Exercise material below:
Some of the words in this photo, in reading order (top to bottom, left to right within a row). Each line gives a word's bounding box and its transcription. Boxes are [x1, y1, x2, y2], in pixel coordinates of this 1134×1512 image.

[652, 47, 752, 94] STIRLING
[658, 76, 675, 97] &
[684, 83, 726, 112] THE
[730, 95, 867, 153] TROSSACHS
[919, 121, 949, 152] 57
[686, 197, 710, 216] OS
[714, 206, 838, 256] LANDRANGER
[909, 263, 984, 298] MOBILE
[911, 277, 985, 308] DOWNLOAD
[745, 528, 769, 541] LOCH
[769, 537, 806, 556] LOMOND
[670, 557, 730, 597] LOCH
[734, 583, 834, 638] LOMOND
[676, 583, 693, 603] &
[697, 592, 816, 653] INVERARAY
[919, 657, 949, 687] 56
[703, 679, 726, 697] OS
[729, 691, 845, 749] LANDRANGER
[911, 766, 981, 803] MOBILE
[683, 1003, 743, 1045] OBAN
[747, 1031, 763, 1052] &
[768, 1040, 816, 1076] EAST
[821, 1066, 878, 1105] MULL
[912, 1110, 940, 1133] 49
End of Exercise material.
Problem
Reprint the listing above. Keep every line exactly as it is.

Answer below
Some of the words in this photo, in reading order (top to bottom, left to right within a row). Each line gives a word's bounding box and its transcription. Boxes are [x1, y1, x2, y2], in pixel coordinates of this 1134×1512 image.

[652, 47, 752, 94] STIRLING
[658, 76, 675, 97] &
[684, 83, 726, 112] THE
[730, 95, 867, 153] TROSSACHS
[919, 121, 949, 152] 57
[686, 197, 710, 216] OS
[714, 206, 838, 256] LANDRANGER
[909, 263, 984, 298] MOBILE
[911, 277, 985, 308] DOWNLOAD
[745, 528, 769, 541] LOCH
[769, 537, 806, 556] LOMOND
[670, 557, 730, 597] LOCH
[734, 583, 834, 638] LOMOND
[676, 583, 693, 603] &
[697, 592, 816, 653] INVERARAY
[919, 657, 949, 687] 56
[703, 679, 726, 697] OS
[729, 691, 845, 749] LANDRANGER
[911, 766, 981, 803] MOBILE
[683, 1003, 743, 1045] OBAN
[747, 1031, 763, 1052] &
[768, 1040, 816, 1076] EAST
[821, 1066, 878, 1105] MULL
[912, 1110, 940, 1133] 49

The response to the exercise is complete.